Abstract T cells develop into a dysfunctional state, called T-cell exhaustion, during chronic viral infections and cancer. However, how antigen-specific T cells persist in these situations is poorly understood. Here, we show that CD8 T cells differentiate into a less exhausted TCF1highTim3low subset and a more exhausted TCF1lowTim3high subset in chronic viral infection as well as human and mouse solid tumors. The TCF1highTim3low CD8 T cells, generated early after chronic lymphocytic choriomeningitis virus (LCMV) infection, persist better and mount a far stronger secondary response than TCF1lowTim3high cells. Importantly, TCF1highTim3low cells act as progenitor cells that are capable of both self-renewal and terminally differentiating into TCF1lowTim3high cells. We have further shown that cell-intrinsic TCF1 signaling is necessary and sufficient to program these progenitors early after infection.
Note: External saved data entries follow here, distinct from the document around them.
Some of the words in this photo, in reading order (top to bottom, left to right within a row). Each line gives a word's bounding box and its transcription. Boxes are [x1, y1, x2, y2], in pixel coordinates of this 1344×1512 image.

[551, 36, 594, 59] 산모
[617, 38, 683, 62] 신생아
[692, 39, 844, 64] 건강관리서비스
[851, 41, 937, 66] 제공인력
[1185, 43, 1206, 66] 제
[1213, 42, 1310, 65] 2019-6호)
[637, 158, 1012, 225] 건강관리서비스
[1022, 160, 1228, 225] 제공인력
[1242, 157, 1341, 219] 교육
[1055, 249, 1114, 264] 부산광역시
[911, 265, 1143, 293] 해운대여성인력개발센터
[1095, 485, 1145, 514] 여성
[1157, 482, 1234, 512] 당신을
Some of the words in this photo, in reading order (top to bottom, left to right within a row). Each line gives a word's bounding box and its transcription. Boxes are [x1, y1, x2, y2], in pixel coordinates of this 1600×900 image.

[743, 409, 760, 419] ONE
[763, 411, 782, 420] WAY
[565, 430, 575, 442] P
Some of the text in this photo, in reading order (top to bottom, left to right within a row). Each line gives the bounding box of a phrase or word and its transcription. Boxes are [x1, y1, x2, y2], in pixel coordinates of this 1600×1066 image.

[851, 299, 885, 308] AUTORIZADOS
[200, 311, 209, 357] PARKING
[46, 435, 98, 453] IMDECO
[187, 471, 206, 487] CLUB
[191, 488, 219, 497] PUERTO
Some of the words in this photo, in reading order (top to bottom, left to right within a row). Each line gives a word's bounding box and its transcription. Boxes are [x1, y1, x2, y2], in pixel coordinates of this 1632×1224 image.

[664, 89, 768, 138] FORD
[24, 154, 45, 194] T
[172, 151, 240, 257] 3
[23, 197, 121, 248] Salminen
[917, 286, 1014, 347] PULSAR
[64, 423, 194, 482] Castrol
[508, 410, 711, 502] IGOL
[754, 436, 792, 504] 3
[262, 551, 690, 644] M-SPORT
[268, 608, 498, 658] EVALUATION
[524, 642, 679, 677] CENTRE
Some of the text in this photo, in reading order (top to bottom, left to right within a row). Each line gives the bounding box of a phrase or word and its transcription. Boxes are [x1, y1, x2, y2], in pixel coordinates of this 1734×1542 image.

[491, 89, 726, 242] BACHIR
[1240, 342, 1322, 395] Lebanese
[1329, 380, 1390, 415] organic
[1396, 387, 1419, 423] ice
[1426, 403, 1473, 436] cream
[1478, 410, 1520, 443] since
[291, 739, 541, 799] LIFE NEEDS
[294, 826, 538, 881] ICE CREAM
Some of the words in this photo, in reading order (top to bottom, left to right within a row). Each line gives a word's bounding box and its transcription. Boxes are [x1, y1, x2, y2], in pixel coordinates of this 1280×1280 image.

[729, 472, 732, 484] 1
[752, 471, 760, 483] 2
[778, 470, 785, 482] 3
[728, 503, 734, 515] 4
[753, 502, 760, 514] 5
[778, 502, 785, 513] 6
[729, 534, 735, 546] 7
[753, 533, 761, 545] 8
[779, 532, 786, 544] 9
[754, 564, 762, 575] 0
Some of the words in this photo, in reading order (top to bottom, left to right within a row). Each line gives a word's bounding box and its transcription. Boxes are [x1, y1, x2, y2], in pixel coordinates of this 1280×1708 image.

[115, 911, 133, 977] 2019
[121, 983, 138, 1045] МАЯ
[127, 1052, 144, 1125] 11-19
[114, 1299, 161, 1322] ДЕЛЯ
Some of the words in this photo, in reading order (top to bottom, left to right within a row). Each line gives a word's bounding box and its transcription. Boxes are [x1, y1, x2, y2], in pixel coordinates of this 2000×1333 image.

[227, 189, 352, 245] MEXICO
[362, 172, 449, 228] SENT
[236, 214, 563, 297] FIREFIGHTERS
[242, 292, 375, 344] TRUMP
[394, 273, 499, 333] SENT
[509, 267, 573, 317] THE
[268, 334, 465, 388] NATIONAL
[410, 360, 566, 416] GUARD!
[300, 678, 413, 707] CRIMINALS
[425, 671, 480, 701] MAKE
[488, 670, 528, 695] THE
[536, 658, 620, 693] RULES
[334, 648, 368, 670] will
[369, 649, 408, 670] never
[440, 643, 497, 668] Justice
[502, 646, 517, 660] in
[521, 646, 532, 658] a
Cell-intrinsic TCF1 deficiency led to a progressive loss of anti-viral CD4 and CD8 T cell responses during the chronic phase of infection. Several pro-exhaustion factors, including Tim3, Cish, and Blimp1, are suppressed by TCF1. Conversely, TCF1 up-regulates Bcl6, which strongly enforces the progenitor fate. Moreover, cell-intrinsic type I interferon signal suppresses the differentiation of progenitor-like CD8 T cells, and antibody-mediated blockade of IFNAR1 enhances the differentiation of these CD8 T cells in a TCF1-dependent manner. Thus, our study not only identifies a CD8 progenitor population, which is critical for long-term persistence of anti-viral CD8 responses during chronic viral infection, but also uncovers both positive and negative regulators of the early programming of this population.